How is the cultivation of self-reliance in Emerson a continuation of the Enlightenment tradition?


Ralph Waldo Emerson with his insistence on self-reliance, is probably more of an inspirational intellectual character in terms of the ideals of the Enlightenment than it is the towering giant Immanuel Kant. If anything can be considered a heritage of the Enlightenment bequeathed to us through, it is that ubiquitous individualism, ideally paired with self-reliance. Aspects of the Enlightenment also appear with Virginia Woolf’s characters of „To the Lighthouse“. In order to get a glimpse of her account of Enlightenment, we may reflect upon her characters: as respresentatives of Woolf’s view on it.

Emerson imperative „Trust Thyself“ seems to be exactly congruent with the original Kantian definition of the Enlightenment „Dare to know!“. But whereas Kant makes an appeal to overcome laziness and cowardice, Emerson points at a natural instinct for self-reliance: „Every heart vibrates to that iron string“ (2) – which is observable in children: “infancy conforms to nobody“ (3). According to traditional Enlightenment, man has to be urged to think for himself in order to attain an enlightened society, and the obstacle lies in a natural inclination of the individuals to „gladly remain immature for life“ (4). In contrast to that, Emerson discerns other reasons for why people remain immature: they encounter certain obstacles to live up to their natural tendency of being self-reliant.

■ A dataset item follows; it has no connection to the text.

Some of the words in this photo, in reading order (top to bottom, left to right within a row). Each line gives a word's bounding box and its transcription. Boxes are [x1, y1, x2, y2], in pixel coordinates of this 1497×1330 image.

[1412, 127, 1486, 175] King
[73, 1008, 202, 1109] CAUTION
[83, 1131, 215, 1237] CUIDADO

He surmises the benefits the individual gains from society – an entity which „everywhere is in conspiracy against the manhood of everyone of its members“ (5)- , that is, the security provied by society as motivation why be comply with the expectations society imposes on us. Society expects conformity from the individual „for better securing of his bread to each shareholder“ (6). Thusly, it commits us. It is partly this commitment that once we act publicly in a certain way, we consider it as a pledge to act in the same way henceforth. Hence „man … is clapped into jail by his consciousness“ (7), while instead, according to Emerson, he is much better off being free at any moment „to pass again into his neutrality“ (8).

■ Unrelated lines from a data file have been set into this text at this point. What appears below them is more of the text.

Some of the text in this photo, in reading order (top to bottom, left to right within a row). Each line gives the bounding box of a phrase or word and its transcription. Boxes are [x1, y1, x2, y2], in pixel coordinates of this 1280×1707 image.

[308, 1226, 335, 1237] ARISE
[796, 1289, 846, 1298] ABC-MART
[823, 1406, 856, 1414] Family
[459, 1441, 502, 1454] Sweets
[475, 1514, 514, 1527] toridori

This idea is closely related to Emerson’s concept of consistency as another obstacle to self-reliance. It is rooted in the „reverence for our past act or word, because the eyes of others have to other data for computing our orbit“ (9). That neutrality, that state of being a clean slate, being free to act in new way every moment, is an indispensable precondition for being self-reliant, for acting upon our natural genius. Emerson sees the flame of Enlightenment already burning in each individual, only stifled by the shackles we have donned, whereas traditional Enlightenment strives to implant imperatively and foster it carefully. Emerson wants to overcome the shackles in order set it free: One remedial ingredient is keeping a solitude while being in the crowd.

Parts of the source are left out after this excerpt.